**Text-to-region grounding data:**
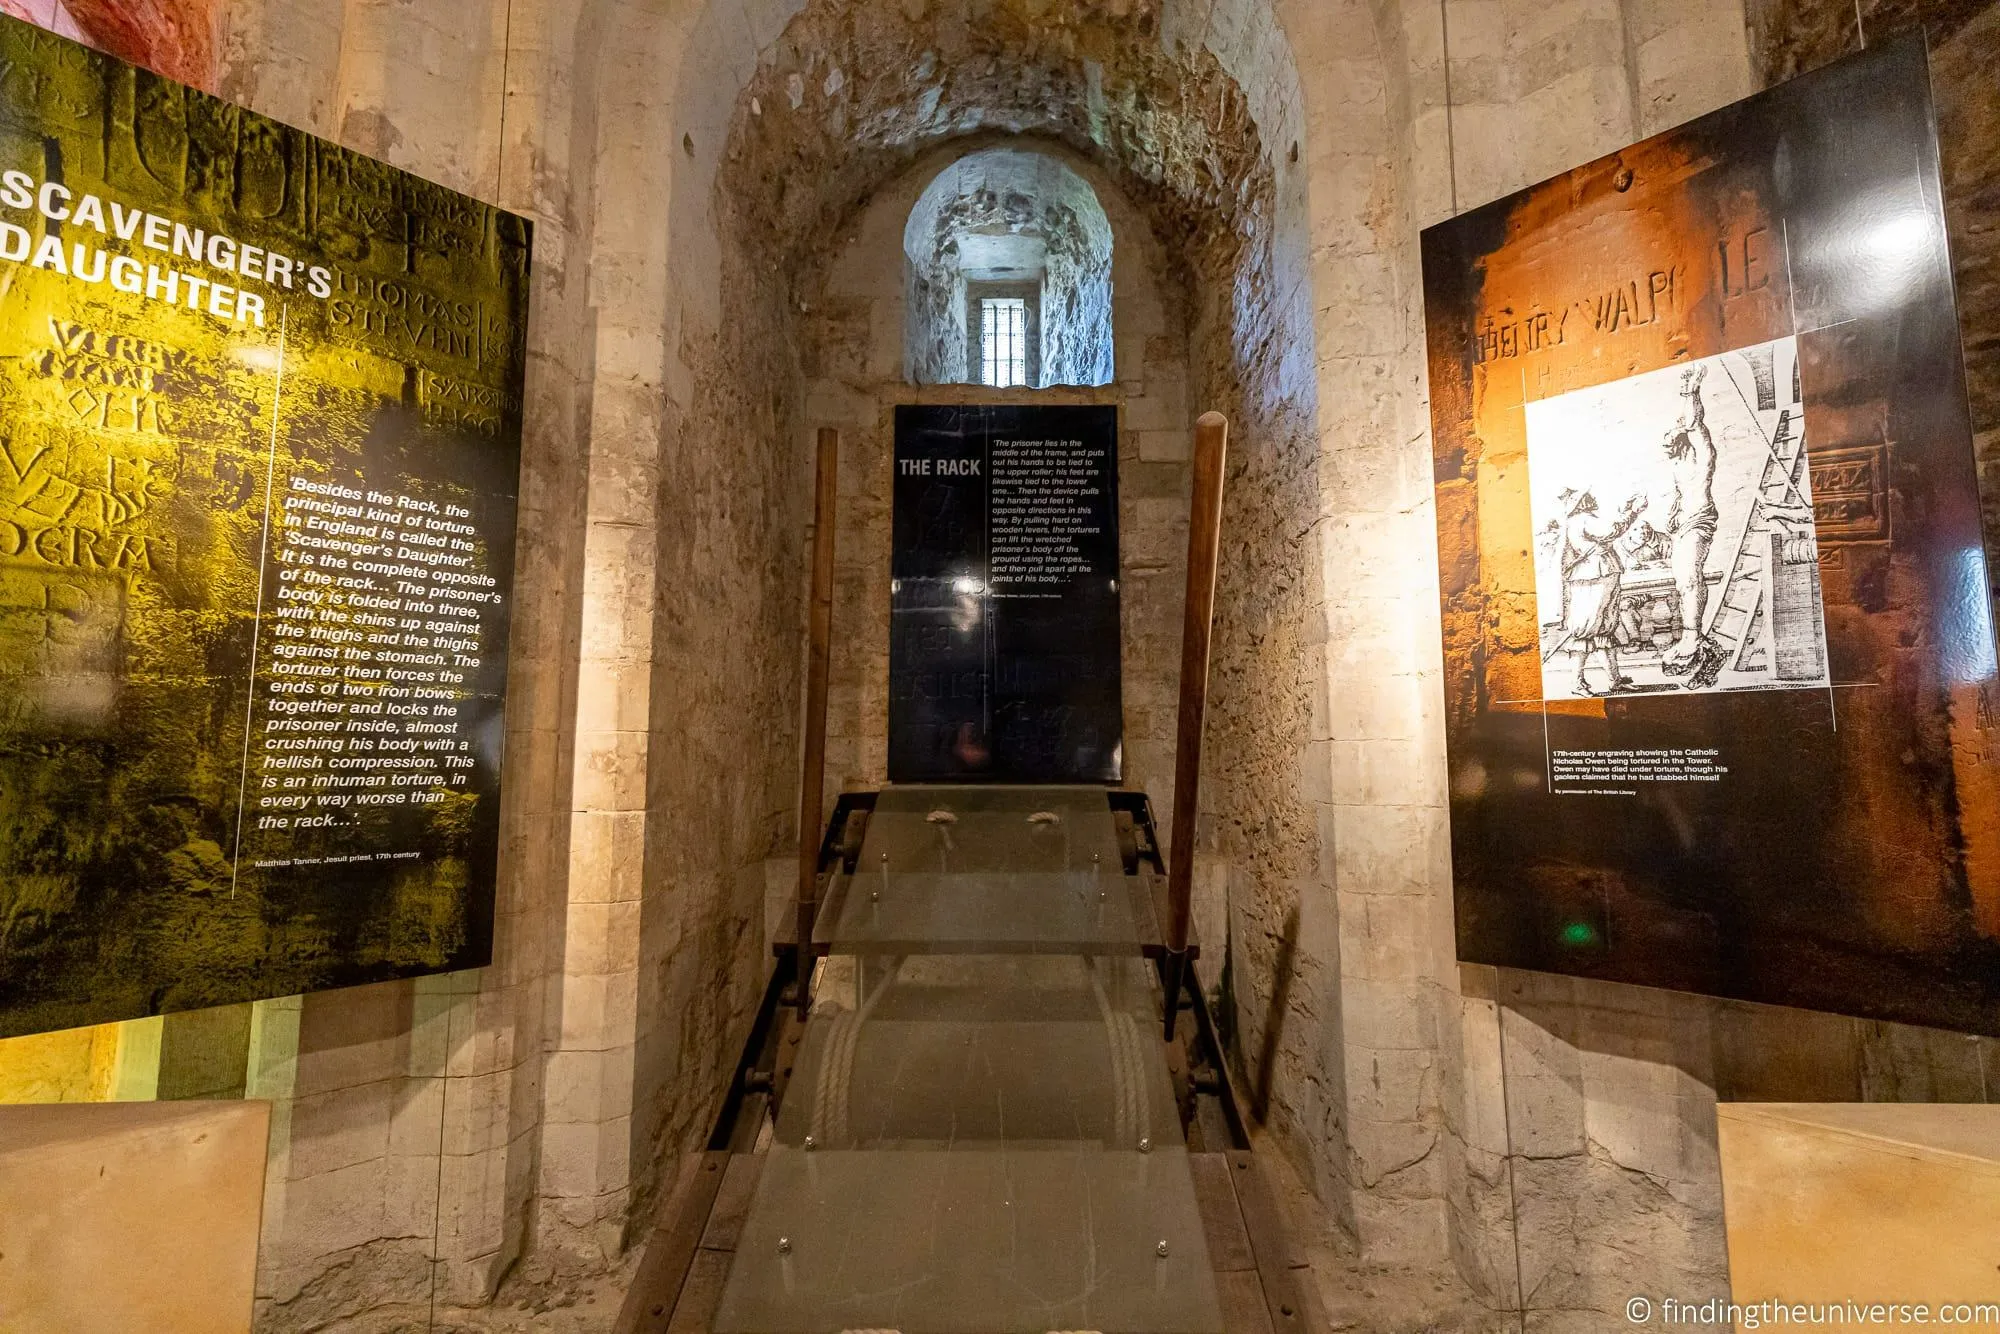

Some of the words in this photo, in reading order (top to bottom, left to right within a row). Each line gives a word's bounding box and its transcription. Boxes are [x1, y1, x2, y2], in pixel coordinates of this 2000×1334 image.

[1, 170, 332, 299] SCAVENGER'S
[0, 222, 265, 328] DAUGHTER
[900, 459, 931, 475] THE
[936, 459, 981, 475] RACK
[397, 496, 440, 515] Rack,
[285, 497, 362, 519] principal
[364, 507, 402, 524] kind
[426, 518, 474, 535] torture
[306, 516, 377, 538] England
[399, 533, 447, 547] called
[352, 561, 427, 578] complete
[432, 571, 495, 586] opposite
[398, 581, 425, 595] The
[278, 586, 324, 604] body
[348, 594, 401, 609] folded
[404, 599, 434, 613] into
[438, 603, 480, 619] three,
[277, 606, 313, 619] with
[353, 612, 396, 626] shins
[425, 621, 480, 634] against
[310, 626, 363, 643] thighs
[368, 633, 400, 644] and
[433, 636, 479, 652] thighs
[273, 644, 340, 658] against
[375, 650, 447, 667] stomach.
[454, 654, 480, 667] The
[272, 661, 339, 678] torturer
[344, 665, 381, 678] then
[386, 667, 435, 684] forces
[270, 681, 315, 693] ends
[343, 682, 373, 696] two
[378, 685, 410, 698] iron
[413, 685, 454, 699] bows
[269, 698, 346, 714] together
[350, 702, 382, 714] and
[386, 702, 428, 715] locks
[265, 718, 342, 733] prisoner
[346, 719, 399, 734] inside,
[406, 721, 458, 733] almost
[265, 737, 344, 752] crushing
[349, 737, 374, 750] his
[378, 738, 421, 753] body
[424, 738, 455, 750] with
[1636, 749, 1668, 757] showing
[263, 755, 322, 768] hellish
[329, 756, 437, 770] compression.
[445, 756, 474, 767] This
[1684, 766, 1713, 774] though
[312, 774, 386, 786] inhuman
[391, 774, 446, 786] torture,
[260, 796, 312, 809] every
[317, 795, 352, 808] way
[356, 794, 405, 804] worse
[411, 789, 445, 802] than

**Exercise details:** Leave the pictures behind and transcribe every record above exactly.

**Reply:**
Some of the words in this photo, in reading order (top to bottom, left to right within a row). Each line gives a word's bounding box and its transcription. Boxes are [x1, y1, x2, y2], in pixel coordinates of this 2000×1334 image.

[1, 170, 332, 299] SCAVENGER'S
[0, 222, 265, 328] DAUGHTER
[900, 459, 931, 475] THE
[936, 459, 981, 475] RACK
[397, 496, 440, 515] Rack,
[285, 497, 362, 519] principal
[364, 507, 402, 524] kind
[426, 518, 474, 535] torture
[306, 516, 377, 538] England
[399, 533, 447, 547] called
[352, 561, 427, 578] complete
[432, 571, 495, 586] opposite
[398, 581, 425, 595] The
[278, 586, 324, 604] body
[348, 594, 401, 609] folded
[404, 599, 434, 613] into
[438, 603, 480, 619] three,
[277, 606, 313, 619] with
[353, 612, 396, 626] shins
[425, 621, 480, 634] against
[310, 626, 363, 643] thighs
[368, 633, 400, 644] and
[433, 636, 479, 652] thighs
[273, 644, 340, 658] against
[375, 650, 447, 667] stomach.
[454, 654, 480, 667] The
[272, 661, 339, 678] torturer
[344, 665, 381, 678] then
[386, 667, 435, 684] forces
[270, 681, 315, 693] ends
[343, 682, 373, 696] two
[378, 685, 410, 698] iron
[413, 685, 454, 699] bows
[269, 698, 346, 714] together
[350, 702, 382, 714] and
[386, 702, 428, 715] locks
[265, 718, 342, 733] prisoner
[346, 719, 399, 734] inside,
[406, 721, 458, 733] almost
[265, 737, 344, 752] crushing
[349, 737, 374, 750] his
[378, 738, 421, 753] body
[424, 738, 455, 750] with
[1636, 749, 1668, 757] showing
[263, 755, 322, 768] hellish
[329, 756, 437, 770] compression.
[445, 756, 474, 767] This
[1684, 766, 1713, 774] though
[312, 774, 386, 786] inhuman
[391, 774, 446, 786] torture,
[260, 796, 312, 809] every
[317, 795, 352, 808] way
[356, 794, 405, 804] worse
[411, 789, 445, 802] than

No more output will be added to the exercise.